→ BRIEF: Each line below should be written out exactly, with none skipped.

*** DATA FOR PROCESSING Section Begins ***

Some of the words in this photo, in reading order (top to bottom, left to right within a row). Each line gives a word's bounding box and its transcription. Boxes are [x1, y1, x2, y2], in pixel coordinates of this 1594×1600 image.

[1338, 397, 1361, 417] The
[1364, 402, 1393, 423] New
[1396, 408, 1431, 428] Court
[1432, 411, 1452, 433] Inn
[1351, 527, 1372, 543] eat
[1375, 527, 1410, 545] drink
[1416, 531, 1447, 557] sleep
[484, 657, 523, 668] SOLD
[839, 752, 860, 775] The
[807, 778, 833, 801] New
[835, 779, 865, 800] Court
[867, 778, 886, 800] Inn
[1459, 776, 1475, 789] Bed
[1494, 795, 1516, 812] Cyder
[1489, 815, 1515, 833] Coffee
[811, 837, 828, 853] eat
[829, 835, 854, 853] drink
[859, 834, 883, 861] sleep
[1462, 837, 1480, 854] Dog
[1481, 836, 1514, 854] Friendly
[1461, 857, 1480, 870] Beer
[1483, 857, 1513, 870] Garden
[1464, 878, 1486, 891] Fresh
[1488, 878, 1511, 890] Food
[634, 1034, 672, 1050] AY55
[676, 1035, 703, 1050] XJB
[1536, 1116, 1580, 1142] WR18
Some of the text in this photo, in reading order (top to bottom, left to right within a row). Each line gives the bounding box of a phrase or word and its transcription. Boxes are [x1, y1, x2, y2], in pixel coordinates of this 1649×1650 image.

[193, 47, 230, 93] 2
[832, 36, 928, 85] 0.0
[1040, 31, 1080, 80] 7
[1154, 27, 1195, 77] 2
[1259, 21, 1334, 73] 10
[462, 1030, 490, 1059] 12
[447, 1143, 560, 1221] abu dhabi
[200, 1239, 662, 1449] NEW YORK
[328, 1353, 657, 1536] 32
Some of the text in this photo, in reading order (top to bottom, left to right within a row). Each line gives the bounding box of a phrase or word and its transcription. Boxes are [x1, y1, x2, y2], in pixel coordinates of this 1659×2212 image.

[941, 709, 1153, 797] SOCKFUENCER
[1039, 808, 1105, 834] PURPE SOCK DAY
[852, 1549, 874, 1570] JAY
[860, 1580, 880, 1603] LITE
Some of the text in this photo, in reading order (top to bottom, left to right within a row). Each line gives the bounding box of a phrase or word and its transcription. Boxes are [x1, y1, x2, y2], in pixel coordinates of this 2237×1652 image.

*** DATA FOR PROCESSING Section Ends ***

→ EXERCISE RESULT:
Some of the words in this photo, in reading order (top to bottom, left to right within a row). Each line gives a word's bounding box and its transcription. Boxes are [x1, y1, x2, y2], in pixel coordinates of this 1594×1600 image.

[1338, 397, 1361, 417] The
[1364, 402, 1393, 423] New
[1396, 408, 1431, 428] Court
[1432, 411, 1452, 433] Inn
[1351, 527, 1372, 543] eat
[1375, 527, 1410, 545] drink
[1416, 531, 1447, 557] sleep
[484, 657, 523, 668] SOLD
[839, 752, 860, 775] The
[807, 778, 833, 801] New
[835, 779, 865, 800] Court
[867, 778, 886, 800] Inn
[1459, 776, 1475, 789] Bed
[1494, 795, 1516, 812] Cyder
[1489, 815, 1515, 833] Coffee
[811, 837, 828, 853] eat
[829, 835, 854, 853] drink
[859, 834, 883, 861] sleep
[1462, 837, 1480, 854] Dog
[1481, 836, 1514, 854] Friendly
[1461, 857, 1480, 870] Beer
[1483, 857, 1513, 870] Garden
[1464, 878, 1486, 891] Fresh
[1488, 878, 1511, 890] Food
[634, 1034, 672, 1050] AY55
[676, 1035, 703, 1050] XJB
[1536, 1116, 1580, 1142] WR18
Some of the text in this photo, in reading order (top to bottom, left to right within a row). Each line gives the bounding box of a phrase or word and its transcription. Boxes are [x1, y1, x2, y2], in pixel coordinates of this 1649×1650 image.

[193, 47, 230, 93] 2
[832, 36, 928, 85] 0.0
[1040, 31, 1080, 80] 7
[1154, 27, 1195, 77] 2
[1259, 21, 1334, 73] 10
[462, 1030, 490, 1059] 12
[447, 1143, 560, 1221] abu dhabi
[200, 1239, 662, 1449] NEW YORK
[328, 1353, 657, 1536] 32
Some of the text in this photo, in reading order (top to bottom, left to right within a row). Each line gives the bounding box of a phrase or word and its transcription. Boxes are [x1, y1, x2, y2], in pixel coordinates of this 1659×2212 image.

[941, 709, 1153, 797] SOCKFUENCER
[1039, 808, 1105, 834] PURPE SOCK DAY
[852, 1549, 874, 1570] JAY
[860, 1580, 880, 1603] LITE
Some of the text in this photo, in reading order (top to bottom, left to right within a row). Each line gives the bounding box of a phrase or word and its transcription. Boxes are [x1, y1, x2, y2], in pixel coordinates of this 2237×1652 image.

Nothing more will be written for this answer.